Business confidence remains stable in the region, with 60% of CEOs from the Middle East showing confidence of their revenue growth prospects in 2012 compared to 40% globally. This is also higher compared with 56% a year ago. Despite the instability of global economies, executives surveyed have comfort with the local economies where two-thirds of global business leaders are expecting their operations in the Middle East to grow over the next 12 months.
Compiled through interviews with 1,258 CEOs in 60 countries including 30 from the Middle East, the Middle East supplement titled “ Looking Ahead : Delivering growth and value’’ highlighted that CEOs from the region are citing two main factors as key to driving growth: emerging markets and mobilising talent.
Like their peers worldwide Middle Eastern companies have a big focus on entering new markets. 83% of Middle East based CEOs believe that emerging economies are of key importance to their company’s future with interest focused on nearby areas such as Turkey, India and Africa – a sign that the region hopes to turn its geographic location at the nexus of three continents into a competitive advantage.
“Leaders of both public and private sectors realise there is more to accomplish. Competing globally in more diverse sectors in more diverse markets will require more leadership and more innovation. Above all else, it will mean developing the right talent to strengthen their organisations’ capabilities” said Warwick Hunt, Middle East Managing Partner for PwC.
In addition to emerging markets, talent was cited as being of vital importance to business leaders with 63% of CEOs based in the Middle East seeing talent constraints as a potential risk to their growth. The demand for talent is particularly strong in the Middle East, where 43% of companies versus 28% globally, expect to grow their headcount by more than 5% in 2012,. Experts have cited that the Middle East’s workforce is forecast to continue growing in the coming decades as other regions peak or begin to decline, which will provide an ample supply of workers.

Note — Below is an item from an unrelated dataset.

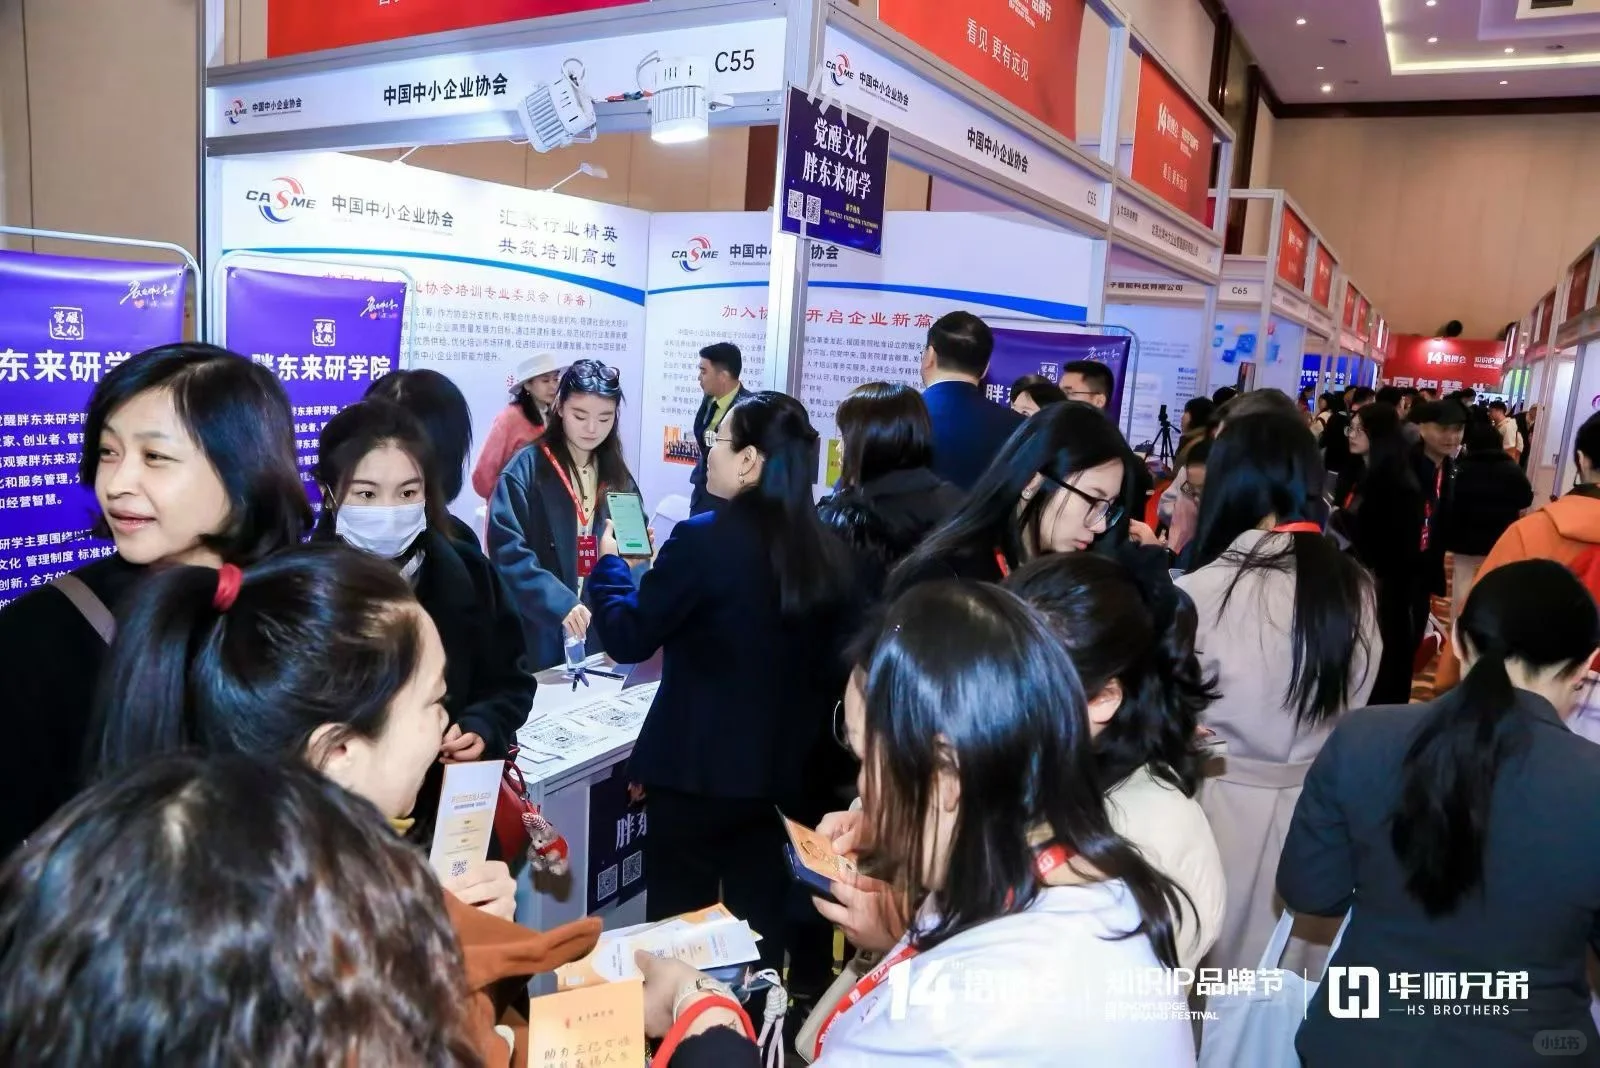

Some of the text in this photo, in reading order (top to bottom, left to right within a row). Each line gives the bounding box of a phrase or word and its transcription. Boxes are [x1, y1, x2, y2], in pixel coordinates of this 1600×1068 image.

Commenting on the analysis Fouad Alaeddin , Middle East Managing Partner – Head of Markets said “ The Middle East remains a key battleground in the global war for talent . However, Middle Eastern companies have particular approaches, and unique local context to competing in that battle.”
Adding ‘’Well-run businesses see opportunity. They’ve embraced local workers and invested in training programmes. These efforts could pay-off by giving them access to the Middle East’s youth bulge, which is now beginning to enter the workforce’’.
Looking at market and workforce expansion governments have recently stressed investment in domestic programmes ranging from education to social safety nets to infrastructure. Businesses are responding, too. In the Middle East, 63% plan to increase investments in the next three years to help maintain the welfare of the workforce.
Compliance with a growing body of regulations, particularly when operating in disparate markets, is a complex task for most businesses, which is why CEOs consistently report over-regulation as a threat to their growth. However, the successes of the private and public sectors are increasingly intertwined.
‘’CEOs recognise that sustainable business growth requires working closely with local populations, governments and business partners, and investing in local communities. This can mean creating job training programs, helping to manage resource constraints.’’ said Warwick Hunt, Middle East Managing Partner for PwC.